Distinct Mechanisms of Receptor and Nonreceptor Tyrosine Kinase Activation by Reactive Oxygen Species in Vascular Smooth Muscle Cells: Role of Metalloprotease and Protein Kinase C-δ

Reactive oxygen species (ROS) are implicated in cardiovascular diseases. ROS, such as H 2 O 2 , act as second messengers to activate diverse signaling pathways. Although H 2 O 2 activates several tyrosine kinases, including the epidermal growth factor (EGF) receptor, JAK2, and PYK2, in vascular smooth muscle cells (VSMCs), the intracellular mechanism by which ROS activate these tyrosine kinases remains unclear. Here, we identified two distinct signaling pathways required for receptor and nonreceptor tyrosine kinase activation by H 2 O 2 involving a metalloprotease-dependent generation of heparin-binding EGF-like growth factor (HB-EGF) and protein kinase C (PKC)-δ activation, respectively. H 2 O 2 -induced EGF receptor tyrosine phosphorylation was inhibited by a metalloprotease inhibitor, whereas the inhibitor had no effect on H 2 O 2 -induced JAK2 tyrosine phosphorylation. HB-EGF neutralizing antibody inhibited H 2 O 2 -induced EGF receptor phosphorylation. In COS-7 cells expressing an HB-EGF construct tagged with alkaline phosphatase, H 2 O 2 stimulates HB-EGF production through metalloprotease activation. By contrast, dominant negative PKC-δ transfection inhibited H 2 O 2 -induced JAK2 phosphorylation but not EGF receptor phosphorylation.
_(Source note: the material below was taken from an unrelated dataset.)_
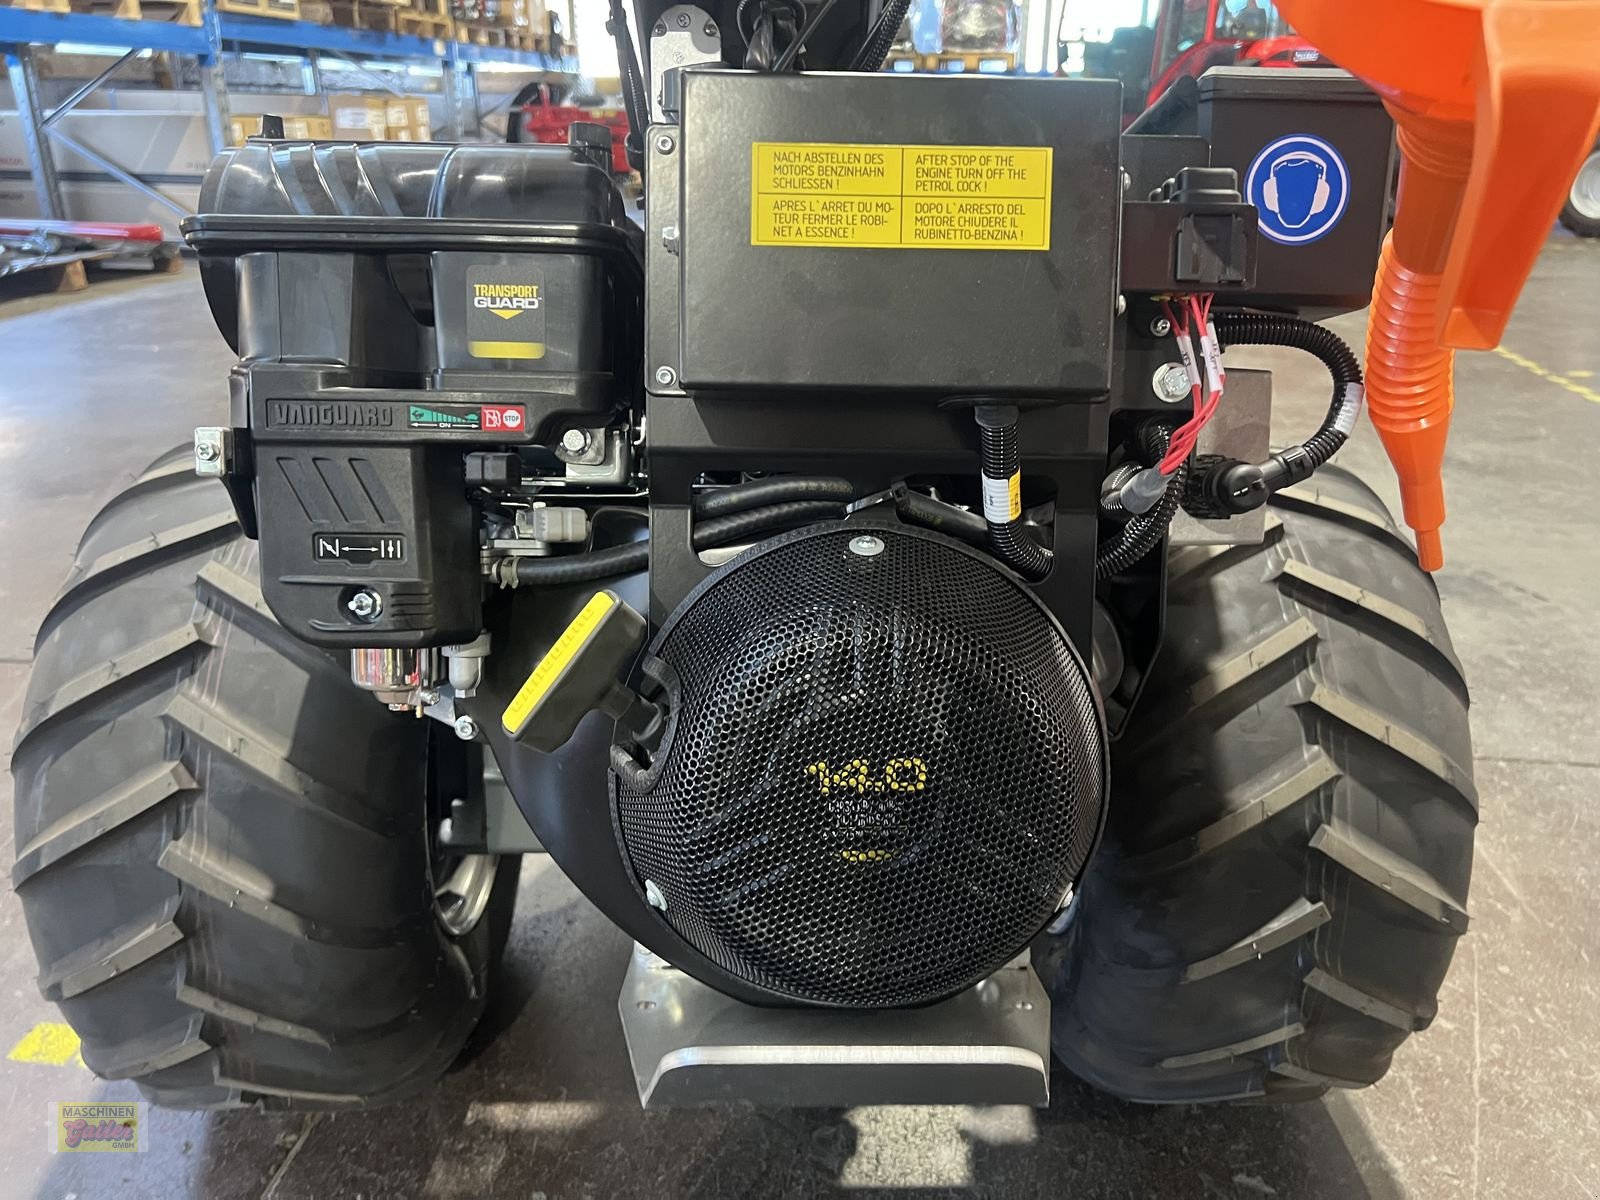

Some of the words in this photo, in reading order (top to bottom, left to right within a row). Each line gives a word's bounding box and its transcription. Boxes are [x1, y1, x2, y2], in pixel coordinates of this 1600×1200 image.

Dominant negative PYK2 inhibited H 2 O 2 -induced JAK2 activation but not EGF receptor activation, whereas dominant negative PKC-δ inhibited PYK2 activation by H 2 O 2 . These data demonstrate the presence of distinct tyrosine kinase activation pathways (PKC-δ/PYK2/JAK2 and metalloprotease/HB-EGF/EGF receptor) utilized by H 2 O 2 in VSMCs, thus providing unique therapeutic targets for cardiovascular diseases.